Segment Start: Dataset records

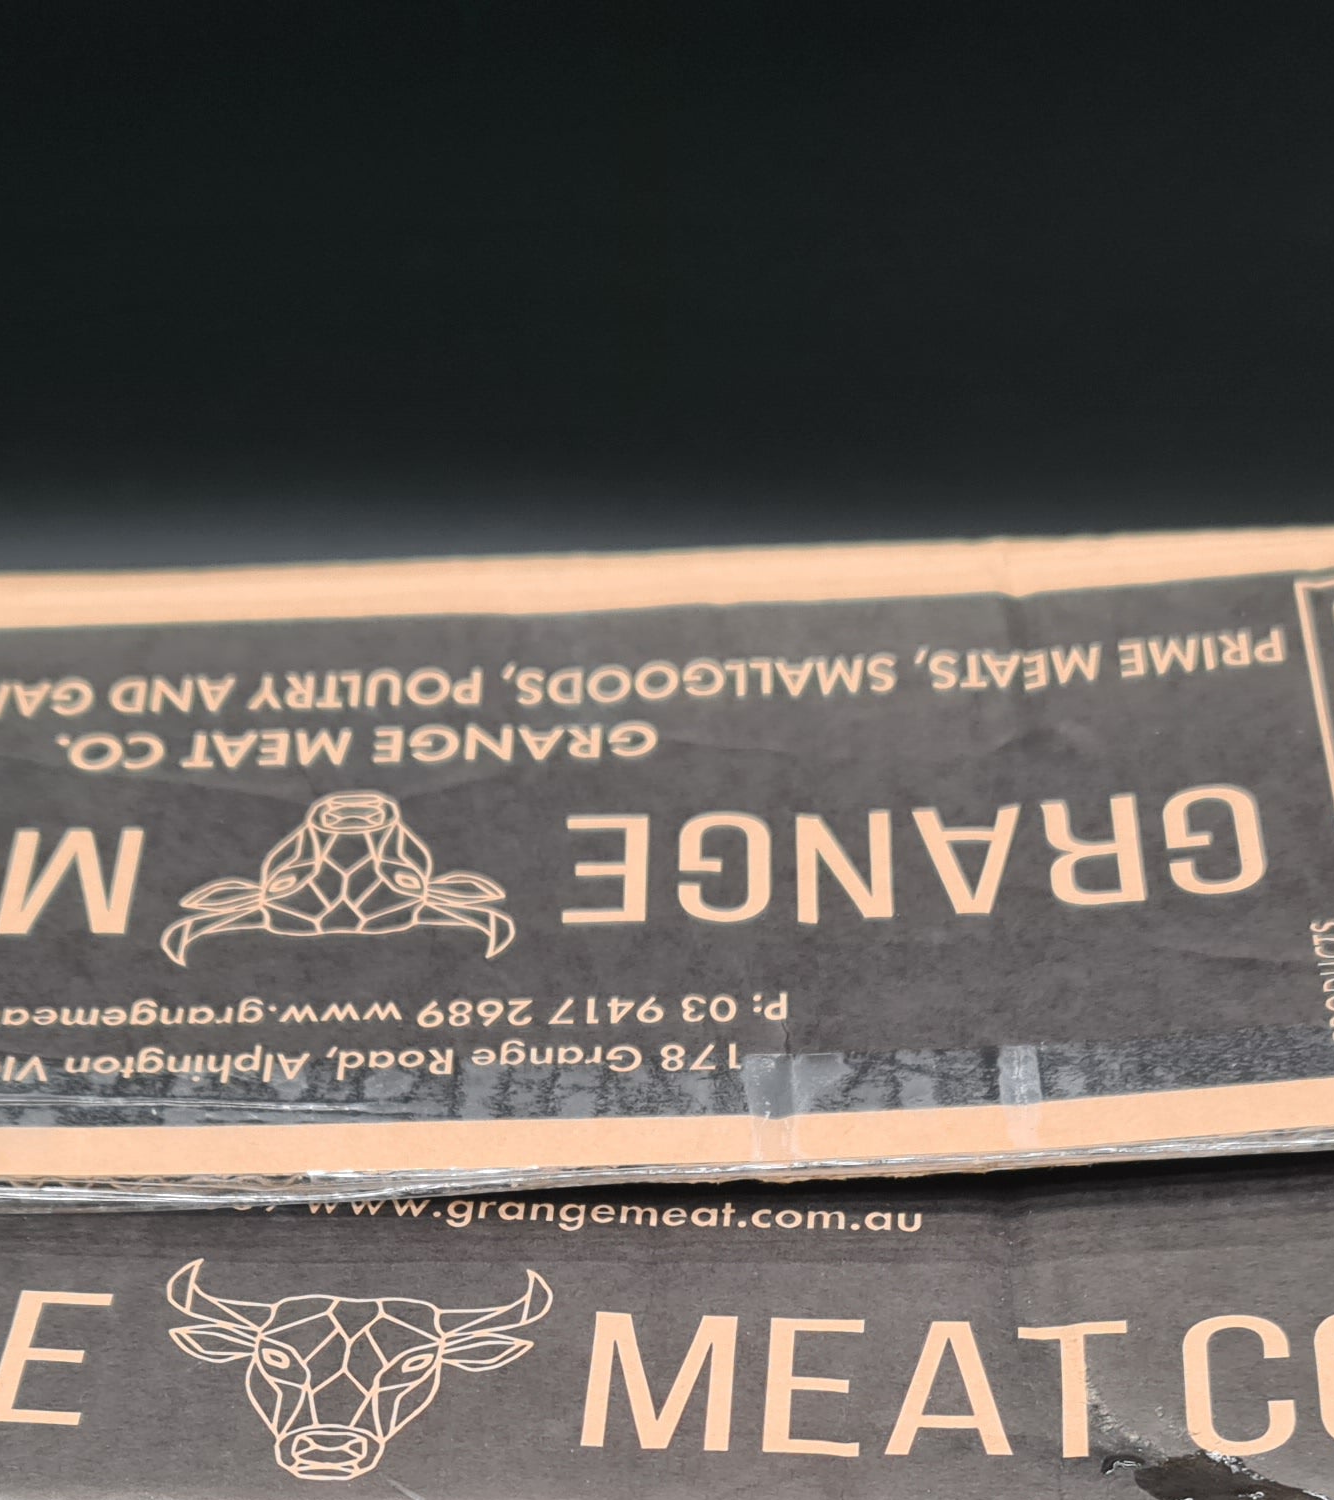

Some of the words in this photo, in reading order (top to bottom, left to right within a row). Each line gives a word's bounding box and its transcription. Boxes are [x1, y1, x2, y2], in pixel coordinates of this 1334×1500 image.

[915, 646, 1101, 692] MEATS,
[1119, 629, 1286, 679] PRIME
[109, 677, 236, 716] AND
[248, 669, 484, 712] POULTRY
[503, 655, 897, 708] SMALLGOODS,
[57, 733, 167, 773] CO.
[182, 729, 353, 771] MEAT
[373, 722, 659, 765] GRANGE
[561, 785, 1267, 927] GRANGE
[414, 997, 535, 1031] 2689
[548, 995, 667, 1027] 9417
[679, 993, 740, 1026] 03
[751, 991, 790, 1024] P:
[63, 1044, 313, 1086] Alphington
[326, 1046, 456, 1083] Road,
[471, 1038, 646, 1075] Grange
[659, 1041, 740, 1073] 178
[580, 1310, 1129, 1461] MEAT
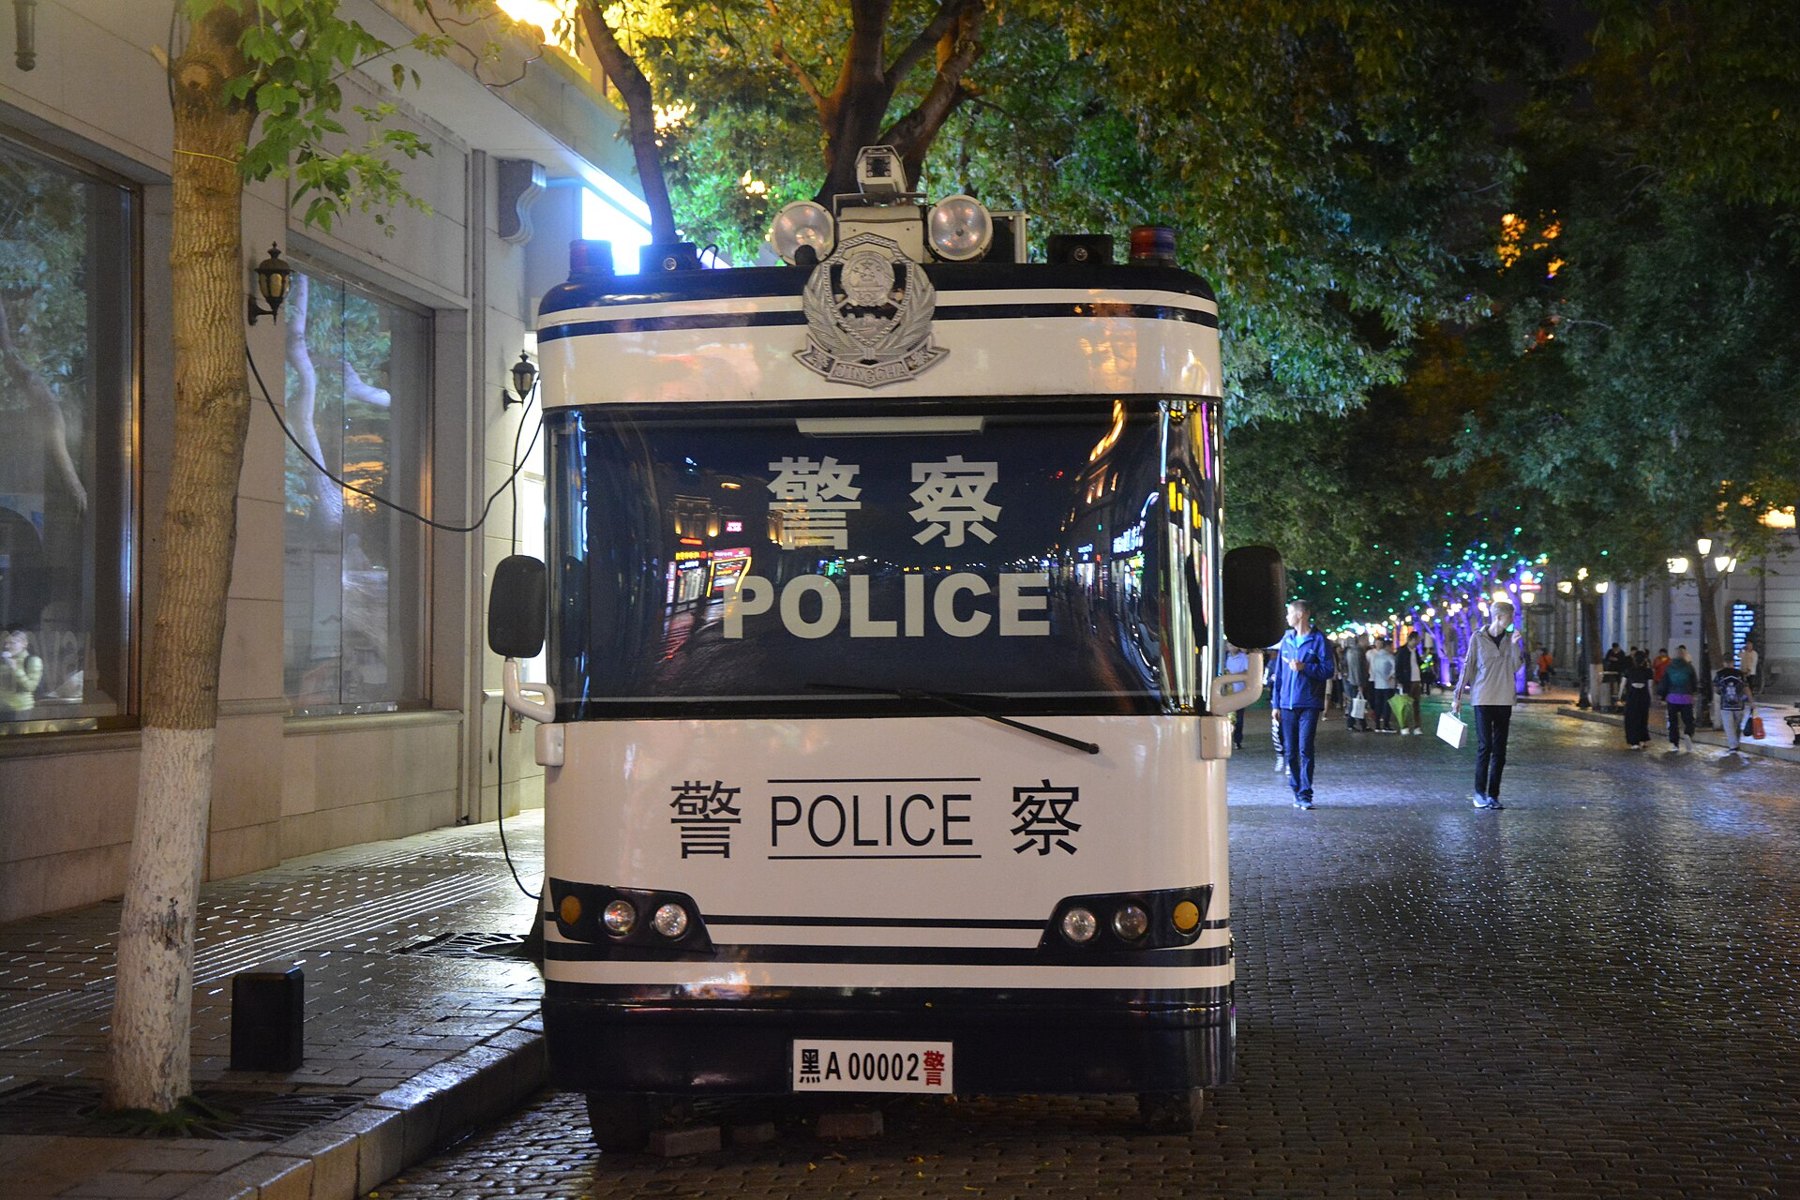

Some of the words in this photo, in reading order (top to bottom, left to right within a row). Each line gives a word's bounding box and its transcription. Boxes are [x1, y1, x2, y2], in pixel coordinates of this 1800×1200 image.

[723, 572, 1051, 639] POLICE
[670, 780, 742, 859] 警
[770, 793, 973, 848] POLICE
[1011, 778, 1082, 856] 察

Segment End: Dataset records

◆ What the task requires: Your job is to copy every entry exactly. Omit the pictures.

◆ Result for this exercise:
Some of the words in this photo, in reading order (top to bottom, left to right within a row). Each line gives a word's bounding box and its transcription. Boxes are [x1, y1, x2, y2], in pixel coordinates of this 1334×1500 image.

[915, 646, 1101, 692] MEATS,
[1119, 629, 1286, 679] PRIME
[109, 677, 236, 716] AND
[248, 669, 484, 712] POULTRY
[503, 655, 897, 708] SMALLGOODS,
[57, 733, 167, 773] CO.
[182, 729, 353, 771] MEAT
[373, 722, 659, 765] GRANGE
[561, 785, 1267, 927] GRANGE
[414, 997, 535, 1031] 2689
[548, 995, 667, 1027] 9417
[679, 993, 740, 1026] 03
[751, 991, 790, 1024] P:
[63, 1044, 313, 1086] Alphington
[326, 1046, 456, 1083] Road,
[471, 1038, 646, 1075] Grange
[659, 1041, 740, 1073] 178
[580, 1310, 1129, 1461] MEAT

Some of the words in this photo, in reading order (top to bottom, left to right within a row). Each line gives a word's bounding box and its transcription. Boxes are [x1, y1, x2, y2], in pixel coordinates of this 1800×1200 image.

[723, 572, 1051, 639] POLICE
[670, 780, 742, 859] 警
[770, 793, 973, 848] POLICE
[1011, 778, 1082, 856] 察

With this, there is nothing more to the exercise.